WORK ORDER
An acceptable answer contains every record below, unchanged, and no pictures.

• • • • •

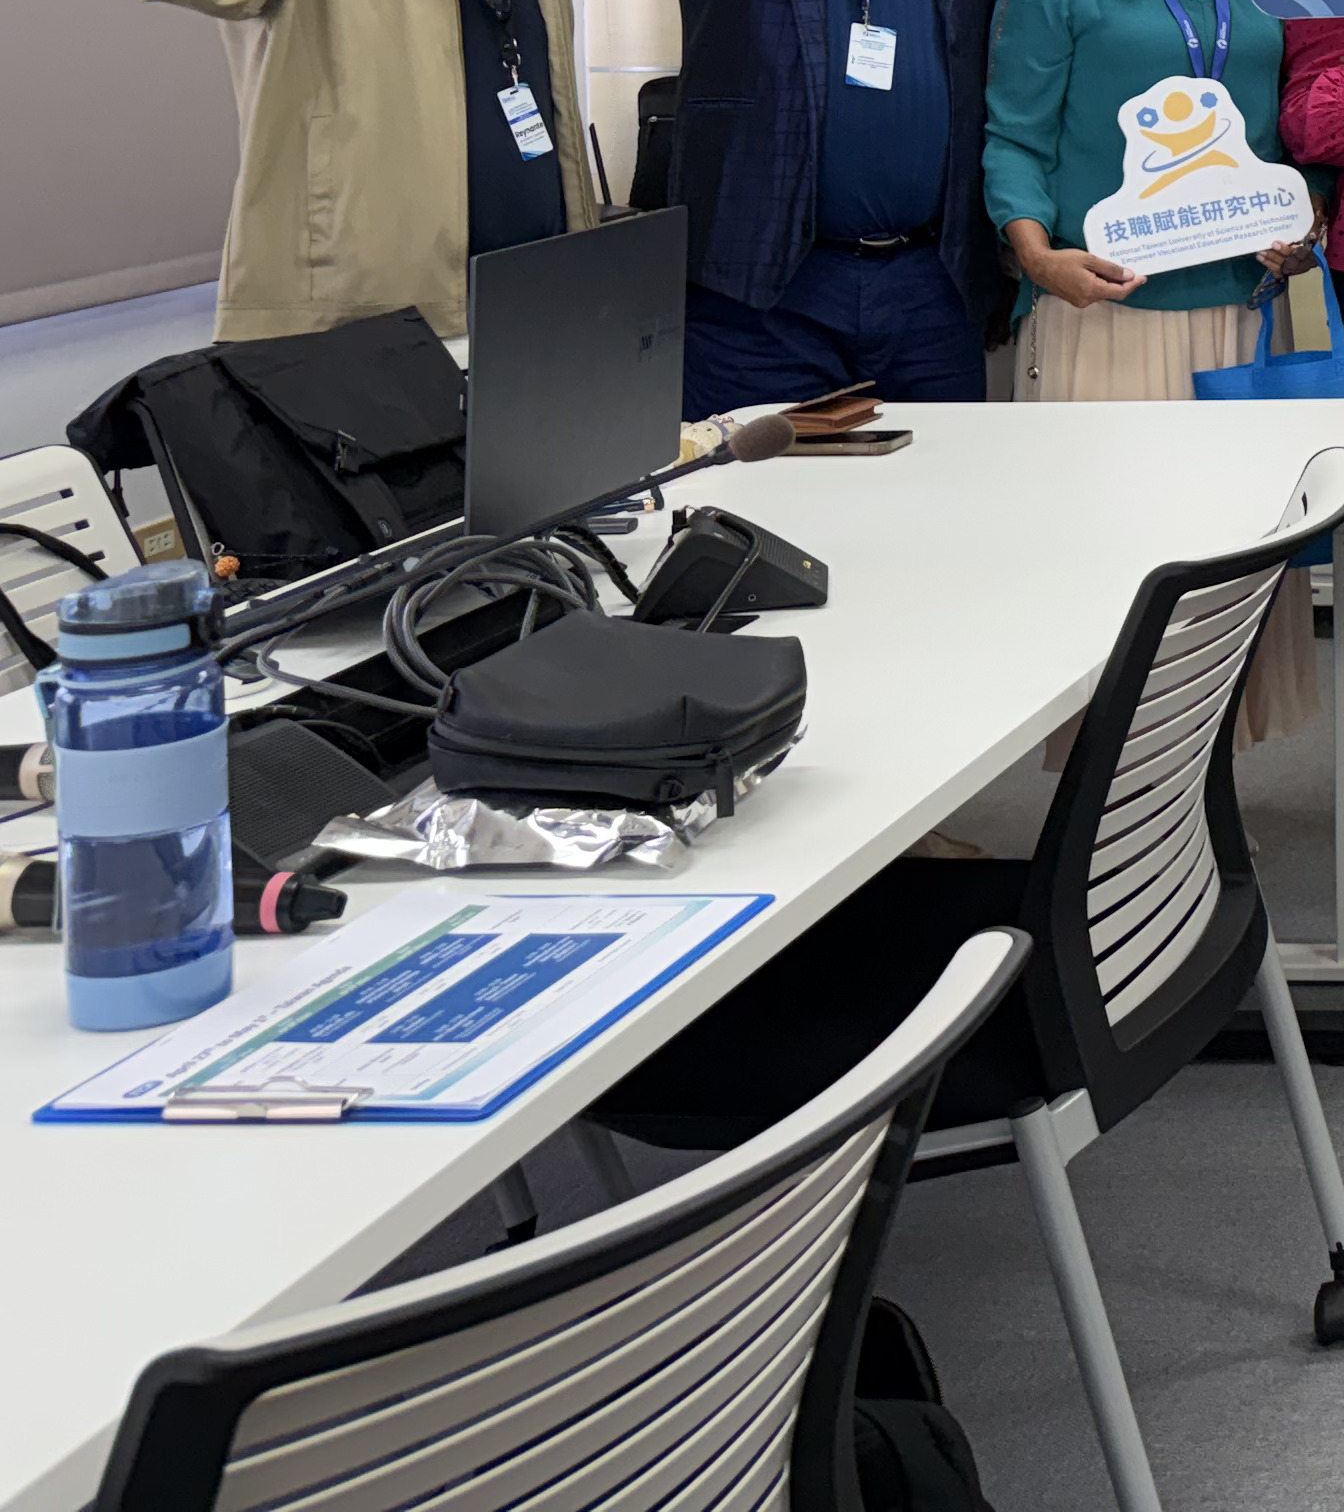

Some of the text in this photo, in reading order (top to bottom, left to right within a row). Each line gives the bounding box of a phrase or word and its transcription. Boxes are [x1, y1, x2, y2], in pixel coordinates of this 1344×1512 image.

[1103, 186, 1297, 245] 技職賦能研究中心
[1168, 231, 1206, 249] University
[1206, 230, 1215, 238] of
[1215, 224, 1244, 237] Science
[1244, 219, 1259, 230] and
[1259, 212, 1300, 228] Technology
[1121, 223, 1293, 265] Empower Vocational Education Research Center
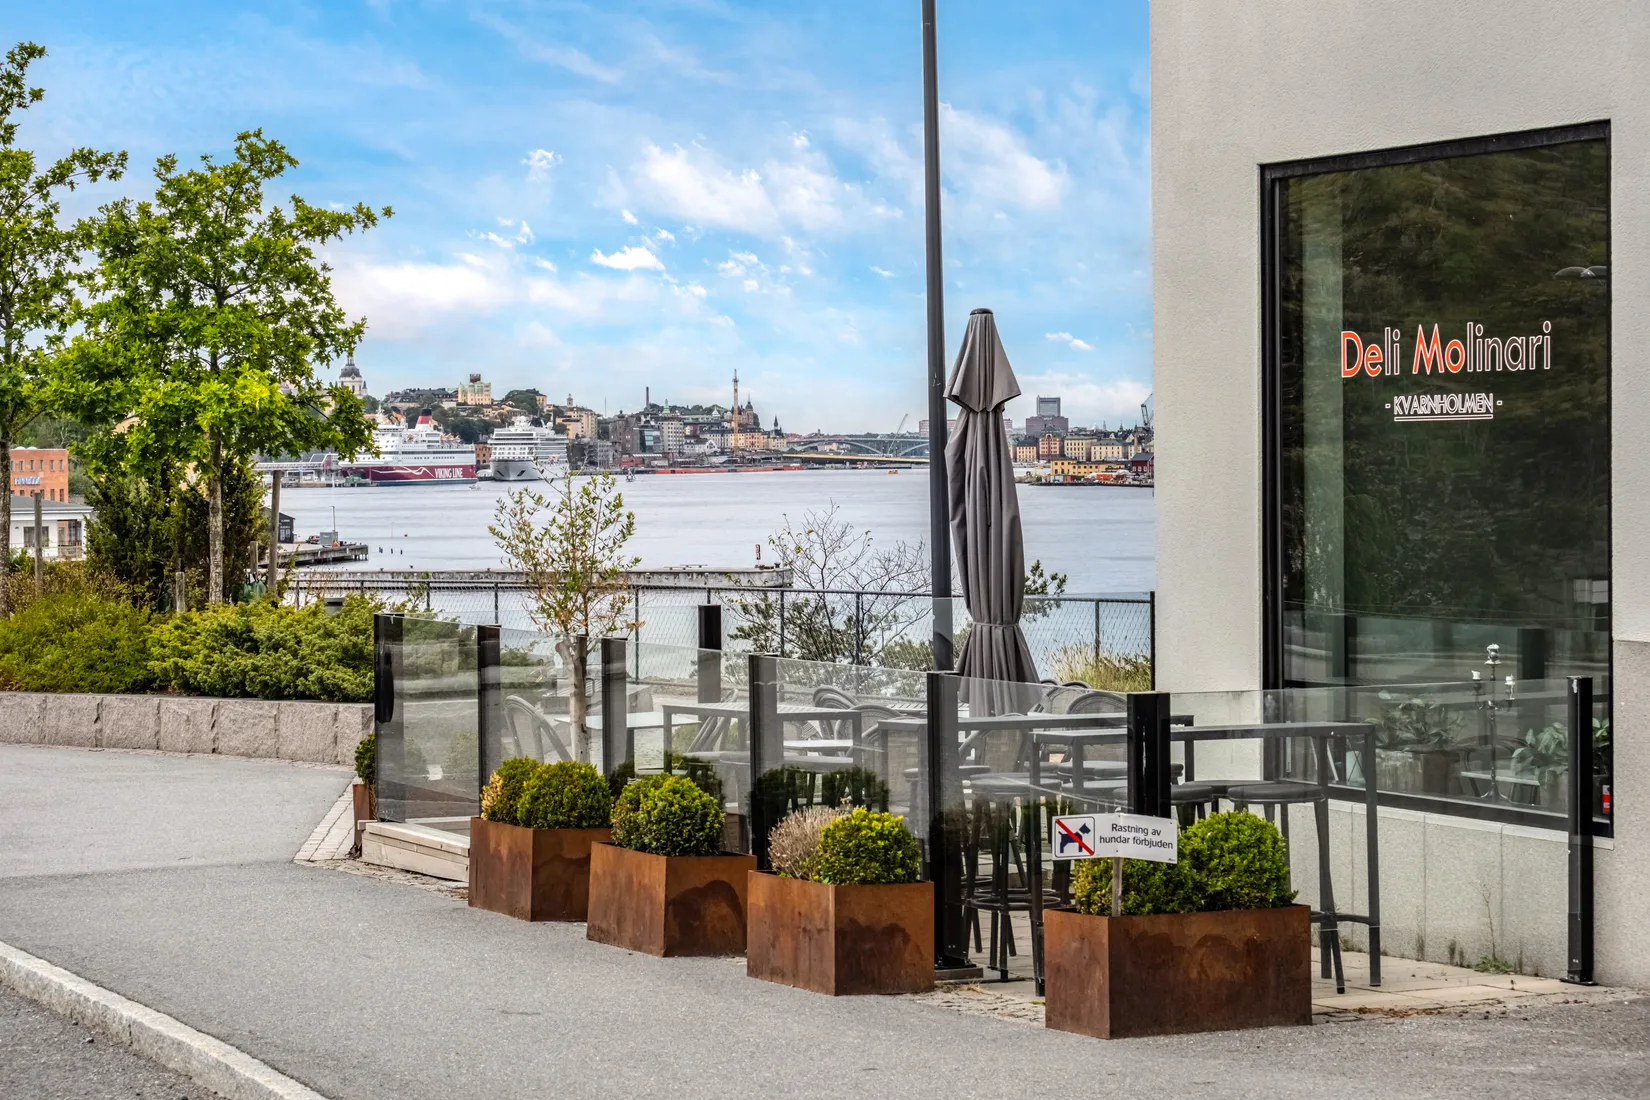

• • • • •

TASK OUTPUT
Some of the text in this photo, in reading order (top to bottom, left to right within a row). Each line gives the bounding box of a phrase or word and its transcription. Boxes are [x1, y1, x2, y2], in pixel coordinates of this 1344×1512 image.

[1103, 186, 1297, 245] 技職賦能研究中心
[1168, 231, 1206, 249] University
[1206, 230, 1215, 238] of
[1215, 224, 1244, 237] Science
[1244, 219, 1259, 230] and
[1259, 212, 1300, 228] Technology
[1121, 223, 1293, 265] Empower Vocational Education Research Center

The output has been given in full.